His splendid and originally richly enamelled monumental brass survives in the parish church of St. Columb Major. It is in a fairly complete state, and shows Sir John bare-headed but otherwise in full armour, between his two wives dressed in gowns, mantles, and pedimental headdresses. Below them are two smaller male figures, one partly perfect in armour, and underneath again, six female children, of whom two remain. The brasses are firmly fixed to the original slab of grey marble by apparently the original fastenings. They were originally in the Arundell chapel (a chantry built by the Arundells on the south side of the chancel of the parish church), and were early in the 19th century covered with some pews which were then placed in the chapel. On the restoration of the church later that century, the chapel being re-pewed, they were removed to their present position, which is an unfortunate selection, as it subjects them to a large amount of wear from the feet of persons passing over them, they being on the floor of the nave immediately below the chancel steps. The slab is now the southernmost of two and measures 7 feet 4 inches by 3 feet 9 inches; around it, 3 inches from the edge, is a plain fillet of brass bearing this inscription, partly missing, on a ledger-line:

John Arundell Knyght of ye Bath and Knyght Banneret Recey(ver of) ye Duchye of Cornwall first ma(ryed ye Lady) Elizabeth Grey daughter to the Lorde Marquis of Dorset & (Catherine) daughter of Syr Thomas Gr(enville Knyght & dyed ye ey)ght of ffebruary the xxxvi yere of the reigne of Kyng Henry the eyght An° Domini 1545 and ye yere of his age (71)

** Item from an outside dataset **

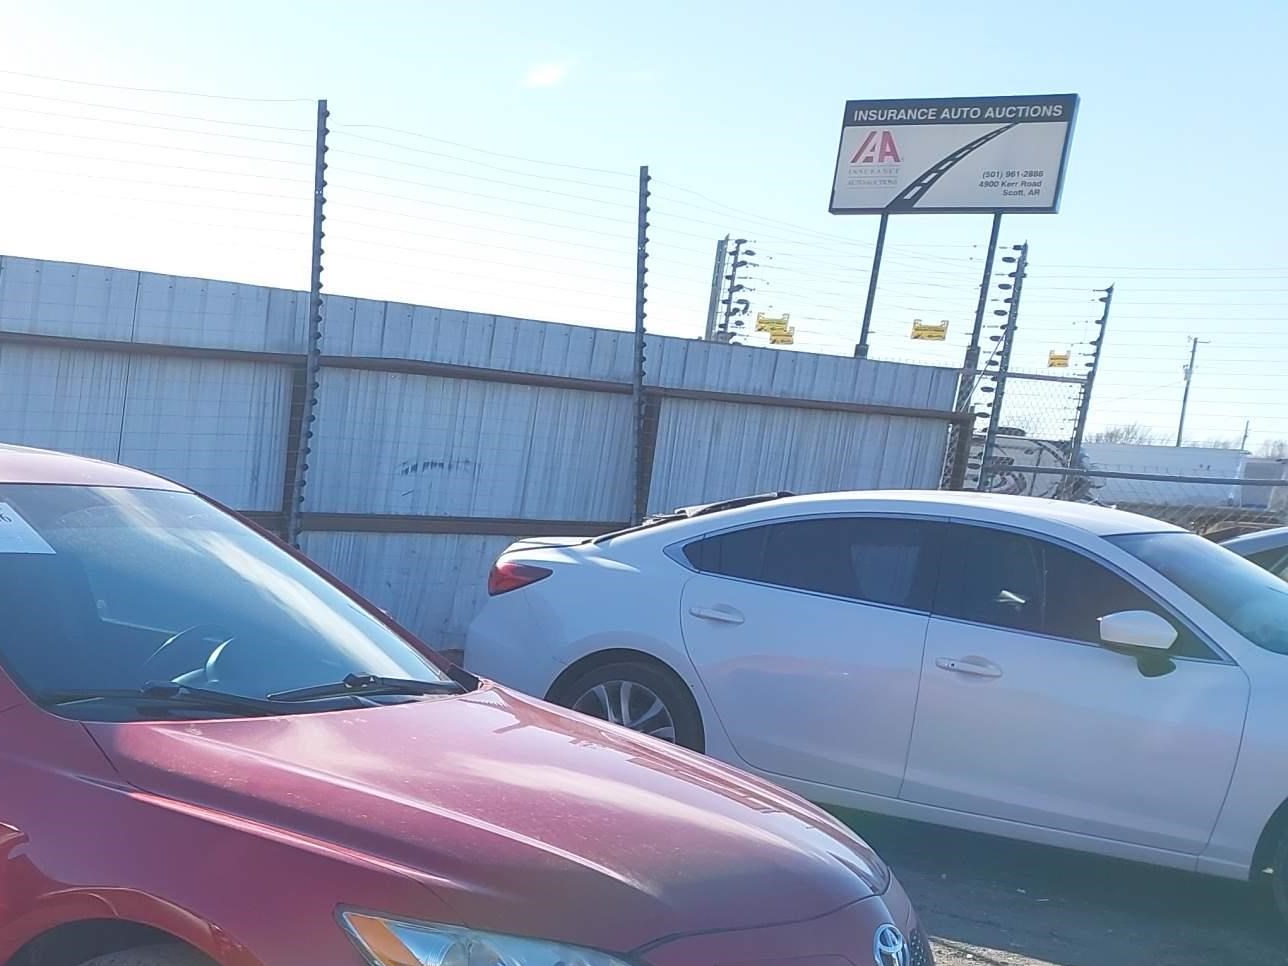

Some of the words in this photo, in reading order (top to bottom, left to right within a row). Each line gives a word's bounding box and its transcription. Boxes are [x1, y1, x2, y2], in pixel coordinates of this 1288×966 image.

[854, 108, 938, 121] INSURANCE
[940, 107, 981, 119] AUTO
[984, 105, 1063, 118] AUCTIONS

The brass bearing those parts of the inscription enclosed in brackets has been lost. In the upper part of the stone are the finely cut figures in brass of Sir John Arundell and his two wives. Sir John is in the military costume of that period; behind his right shoulder rises a staff bearing a square banner of a knight banneret, the matrix alone surviving as the brass itself of this with the crest and a portion of the helmet and lambrequin, upon which the head of the knight rests, has been lost; the banner was probably charged with the quartered coat of Arundell without any impalement.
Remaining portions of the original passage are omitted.